Key research themes
1. How can hybrid modeling integrate top-down and bottom-up approaches to better represent technological and economic interactions in energy systems?
This research area focuses on overcoming the limitations of conventional top-down and bottom-up models in energy-economy systems by combining the detailed technological specificity of bottom-up models with the economic feedbacks captured by top-down models. The hybrid approaches seek to reflect induced technical changes, consumer and firm decision-making more realistically, and monetary-economic feedbacks, thus offering more robust policy analysis tools for energy environment transitions.
2. What methodologies enable effective hybrid modeling and prediction of dynamical systems by blending mechanistic and data-driven representations?
This theme addresses the challenge of leveraging the strengths of parametric mechanistic models and nonparametric data-driven methods to improve modeling and forecasting of complex dynamical systems.
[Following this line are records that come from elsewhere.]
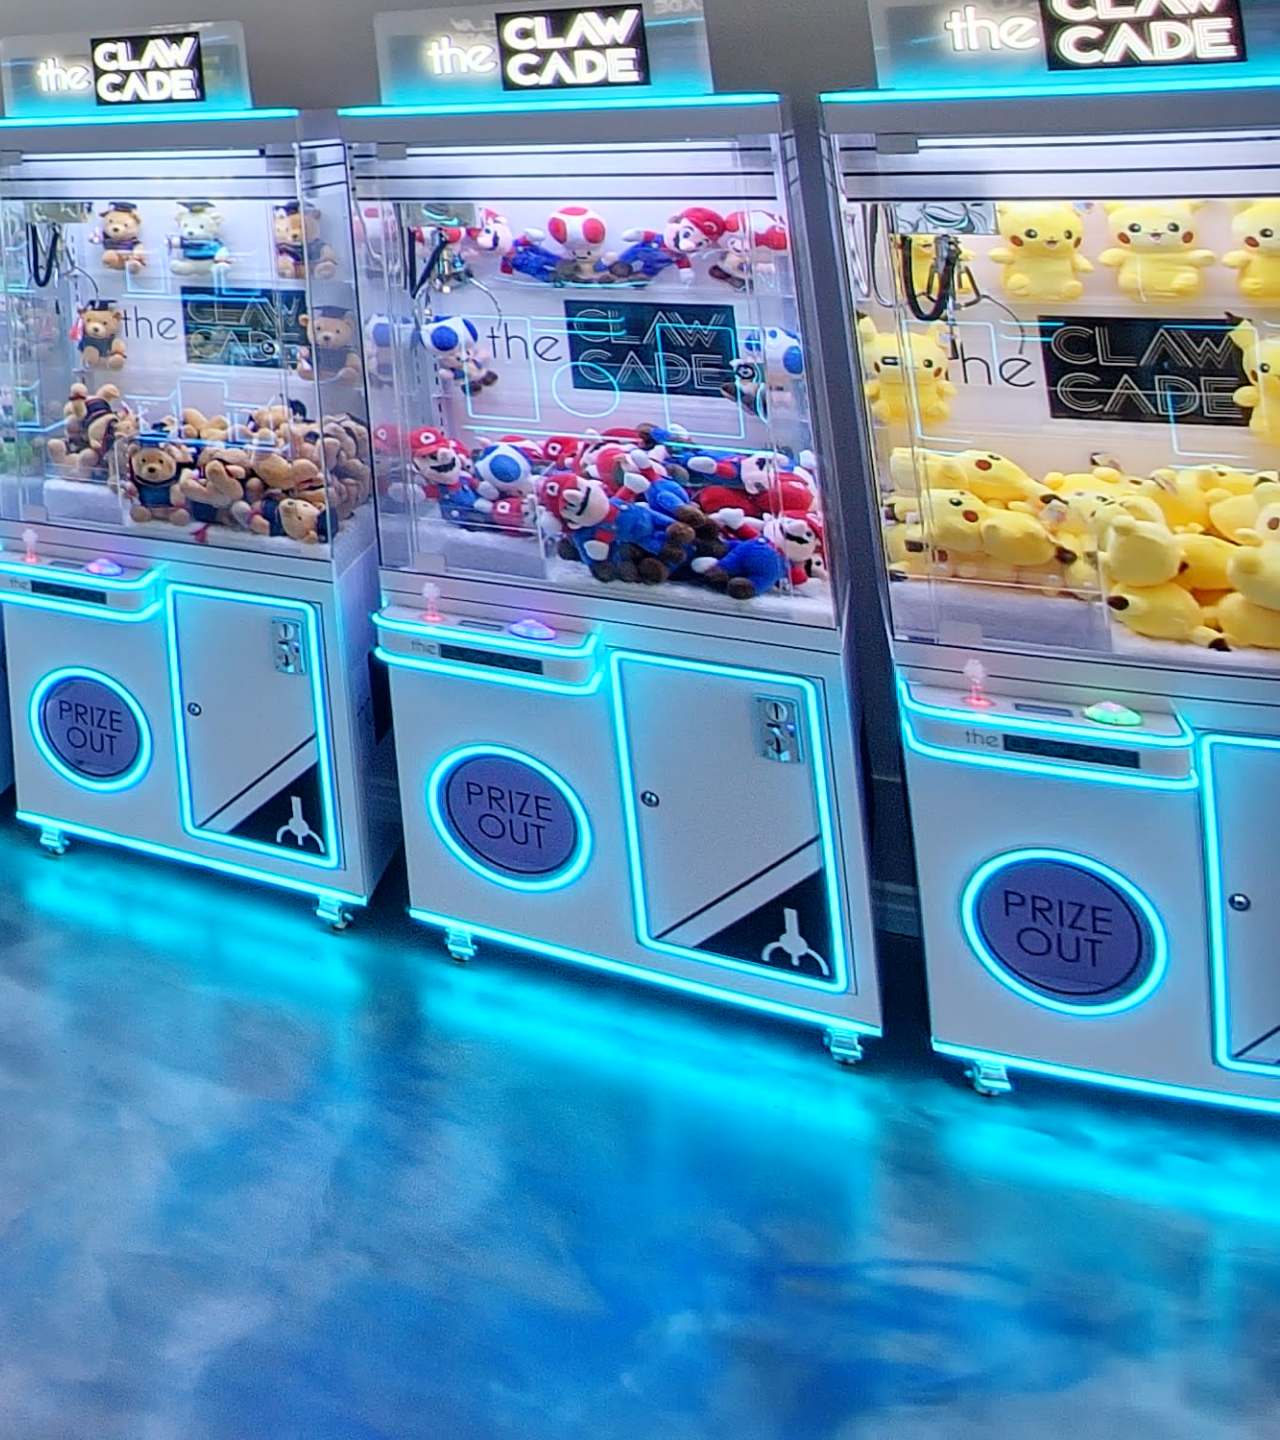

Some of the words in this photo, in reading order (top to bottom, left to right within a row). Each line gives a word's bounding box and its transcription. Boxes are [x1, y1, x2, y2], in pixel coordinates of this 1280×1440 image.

[502, 9, 640, 51] CLAW
[945, 6, 1040, 51] the
[1057, 17, 1237, 64] CADE
[93, 36, 198, 71] CLAW
[427, 36, 498, 75] the
[505, 47, 640, 86] CADE
[37, 57, 92, 92] the
[96, 69, 198, 103] CADE
[121, 306, 178, 341] the
[486, 323, 562, 362] the
[573, 308, 726, 348] CLAW
[1050, 326, 1235, 368] CLAW
[577, 349, 725, 391] CADE
[1056, 372, 1243, 418] CADE
[58, 699, 124, 734] PRIZE
[66, 725, 119, 757] OUT
[965, 728, 999, 748] the
[465, 780, 553, 823] PRIZE
[478, 812, 547, 850] OUT
[1003, 889, 1113, 936] PRIZE
[1016, 928, 1103, 967] OUT
Hybrid modeling methodologies replace a subset of mechanistic model equations with nonparametric representations trained from data, enhancing robustness and predictive accuracy, especially under parameter uncertainty, noise, or chaotic system behavior.
3. How can component-oriented hybrid dynamic system modeling using meta-programmable environments enhance compositionality and simulation of complex physical systems?
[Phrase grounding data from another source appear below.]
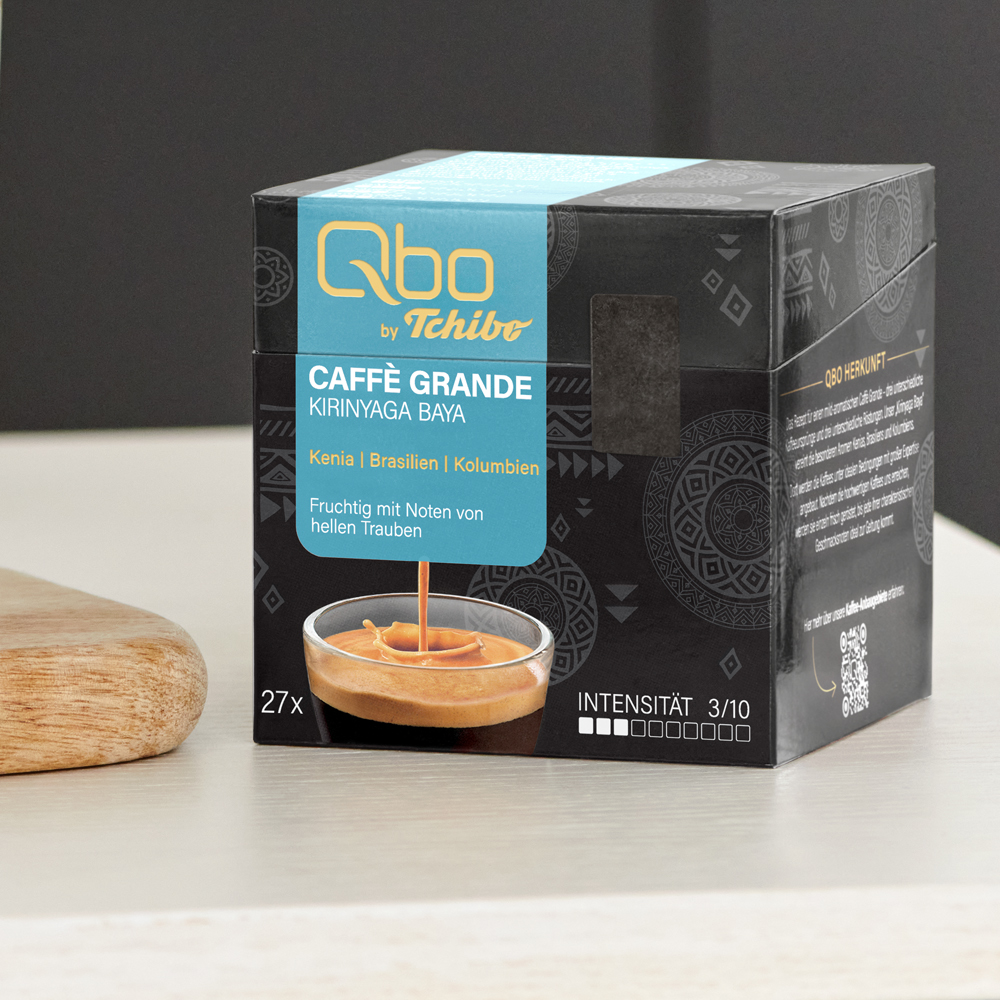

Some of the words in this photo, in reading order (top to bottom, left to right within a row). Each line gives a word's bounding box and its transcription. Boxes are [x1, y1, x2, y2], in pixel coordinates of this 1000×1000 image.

[317, 221, 494, 305] Qbo
[381, 323, 398, 340] by
[404, 308, 533, 341] Tchibo
[309, 363, 400, 393] CAFFÈ
[410, 370, 532, 400] GRANDE
[825, 366, 843, 389] QBO
[844, 351, 886, 381] HERKUNFT
[310, 397, 411, 420] KIRINYAGA
[420, 403, 465, 423] BAYA
[310, 450, 354, 466] Kenia
[370, 452, 438, 470] Brasilien
[455, 457, 539, 475] Kolumbien
[311, 498, 371, 518] Fruchtig
[378, 503, 400, 516] mit
[407, 503, 451, 519] Noten
[456, 509, 483, 520] von
[312, 518, 355, 534] hellen
[361, 521, 421, 537] Trauben
[262, 690, 303, 714] 27x
[579, 692, 693, 716] INTENSITÄT
[709, 699, 749, 719] 3/10
This research area investigates developing hybrid dynamic physical system models through object-oriented, component-based approaches supported by meta-programming tools. The aim is to enable modular construction of complex, multi-domain hybrid models (combining continuous and discrete dynamics), improve model reusability, and automate synthesis of simulation artifacts to handle system complexity effectively.
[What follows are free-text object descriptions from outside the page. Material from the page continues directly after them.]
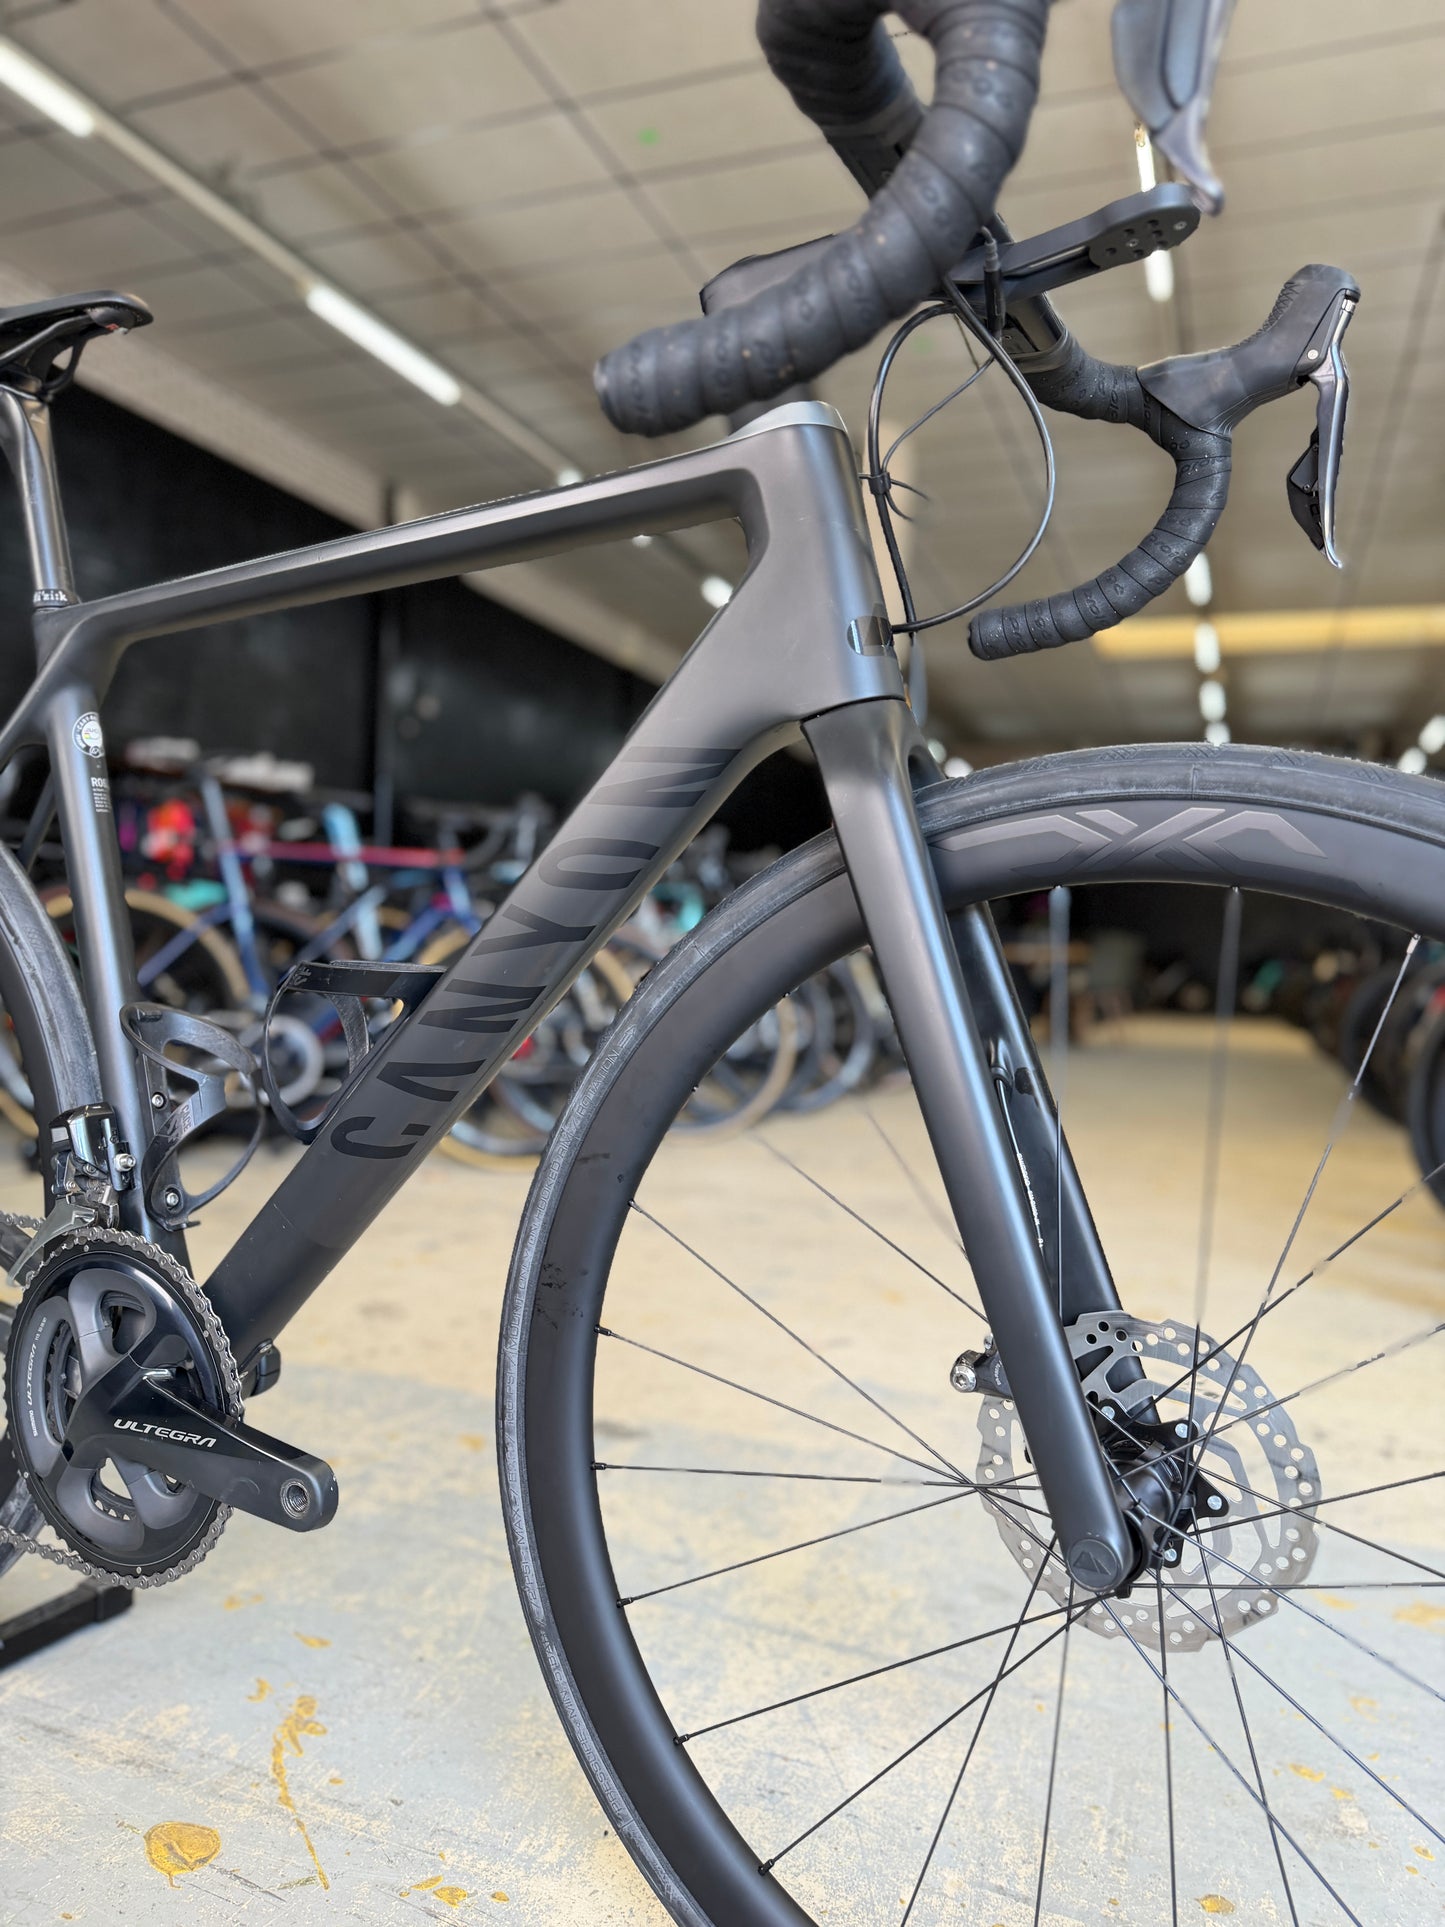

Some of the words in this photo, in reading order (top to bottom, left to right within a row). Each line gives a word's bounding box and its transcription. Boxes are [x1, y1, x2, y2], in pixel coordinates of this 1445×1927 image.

[330, 744, 744, 1160] CANYON
[533, 1160, 562, 1220] HOOKED
[575, 1048, 620, 1117] ROTATION
[27, 1343, 37, 1406] ULTEGRA
[113, 1418, 217, 1448] ULTEGRA
4. What formal constraint-based approaches facilitate verification of hybrid systems by discovering inductive invariants expressed as complex polynomial inequalities?
Focusing on verification of hybrid systems, this theme studies constraint-based techniques that systematically search for inductive invariants, including boolean combinations of polynomial inequalities, via formulation as quantified SMT constraints. Innovative use of mathematical tools such as Farkas lemma allows transforming the verification problem into satisfiability problems solvable by modern SMT solvers, enabling formal safety proofs for complex hybrid dynamical models.
5. How can hybrid AI models combining neural networks, genetic algorithms, and fuzzy logic be modularly designed and configured to tackle complex computational problems?
This theme explores the development of unified software platforms that facilitate the construction and experimentation with hybrid AI models by modularly combining diverse AI algorithms. The goal is to harness complementary capabilities of neural networks, evolutionary optimization, and fuzzy logic within an extensible and interchangeable block-based software tool, promoting rapid prototyping and improved problem-solving performance across domains.
6. What frameworks and conceptualizations enable hybrid simulation and modeling to serve as transdisciplinary research enablers across diverse disciplines?
This research direction addresses the integration of multiple modeling and simulation (M&S) methods and cross-disciplinary knowledge to develop hybrid models that span disciplinary boundaries. The focus is on establishing conceptual frameworks to facilitate synthesis of diverse theories, techniques, and domain data into coherent transdisciplinary models supporting complex decision-making and system analysis.
7. How can union models efficiently represent and support reasoning over large model families with variation across spatial and temporal dimensions?
This area investigates formalizing large families of related models (arising from versions, configurations, or uncertainties) into a single union model that retains exact membership information and compactly encodes commonalities. Such union models enhance efficiency and scalability in analysis and reasoning tasks over entire model families in domains including regulatory compliance and product line engineering.
8. What are the benefits and methodological requirements of adopting model pluralism in scientific practice and philosophy?
Model pluralism recognizes the necessity of utilizing multiple diverse models to capture various aspects, scales, and purposes within scientific investigations. This perspective challenges monistic views focusing on single models and calls for appreciation of sets of models with differing functions, promoting pragmatic strategies for explanation, prediction, and intervention in complex phenomena.